By the implicit function theorem, it should be shown that: $$f(x,y,z) := z^{3}+2xy-4xz+2y-1 .$$

The zero level set $f^{-1}(0)$ in a neighborhood $U$ of $(x_0, y_0) = (1,1)$ can be rewritten through a differentiable function $z=g(x,y)$ where $g(1,1)=1$. Then also the partial derivatives: $g_x(1,1), g_y(1,1)$ should be calculated.

The partial derivative in respect to $z$ is: $f_z = 3z^2- 4x$ and it holds that $3z^2 - 4x \ne 0$, because otherwise the invertibility would not be given anymore.

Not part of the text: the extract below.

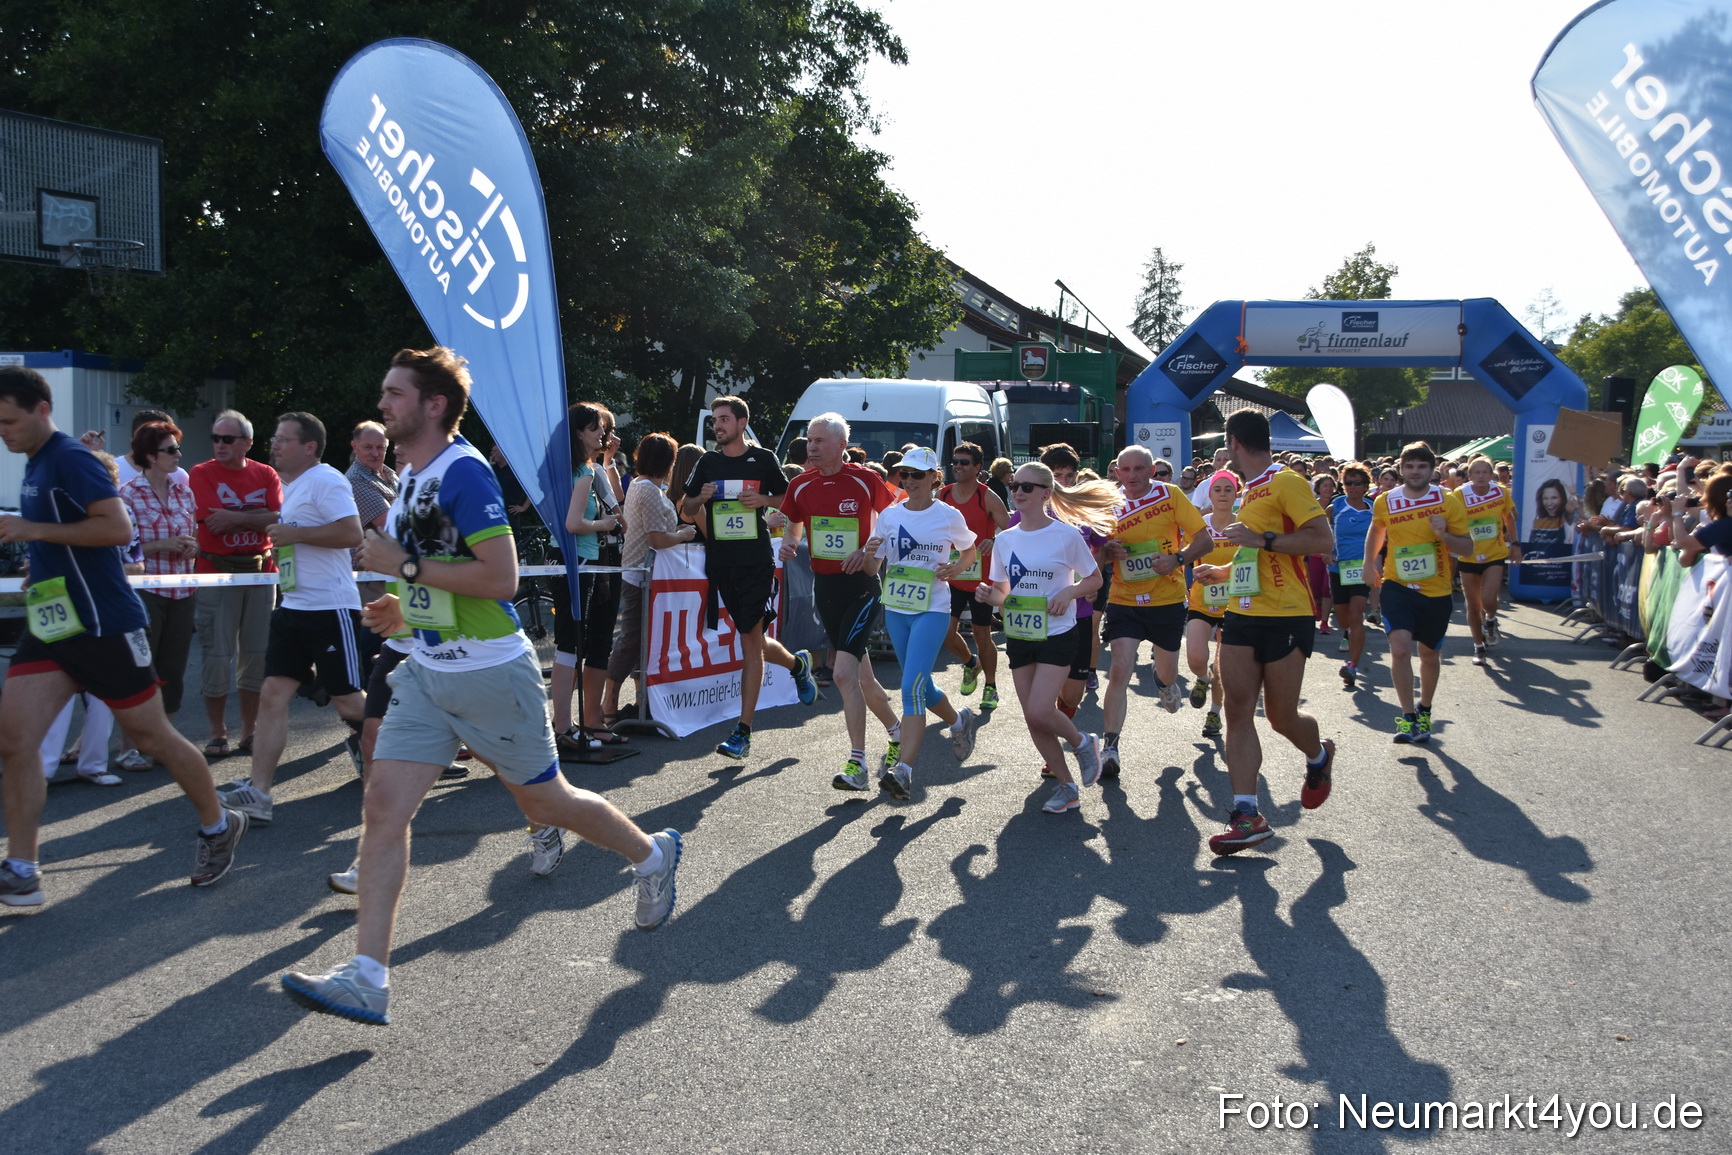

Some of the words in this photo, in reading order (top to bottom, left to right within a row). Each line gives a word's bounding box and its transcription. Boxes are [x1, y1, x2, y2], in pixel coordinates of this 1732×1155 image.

So if $(x_0, y_0)=(1,1)$ then $z^3- 4z+4=0$ gives $3$ solutions, of which none are such that $3z^2-4 = 0$. So the zero level set in $U$ can be rewritten through $g(x,y)$.

Now the remaining task is to solve $z^3 +2xy-4xz+2y-1=0$ for $z$. I sit around at this end:

$$z^3- 4xz=-2xy-2y+1 = z(z^2- 4x)=-2xy-2y+1 \Rightarrow z = \frac{-2xy-2y+1}{z^2-4x} .$$

According to Wolfram Alpha, there are 3 exact solutions.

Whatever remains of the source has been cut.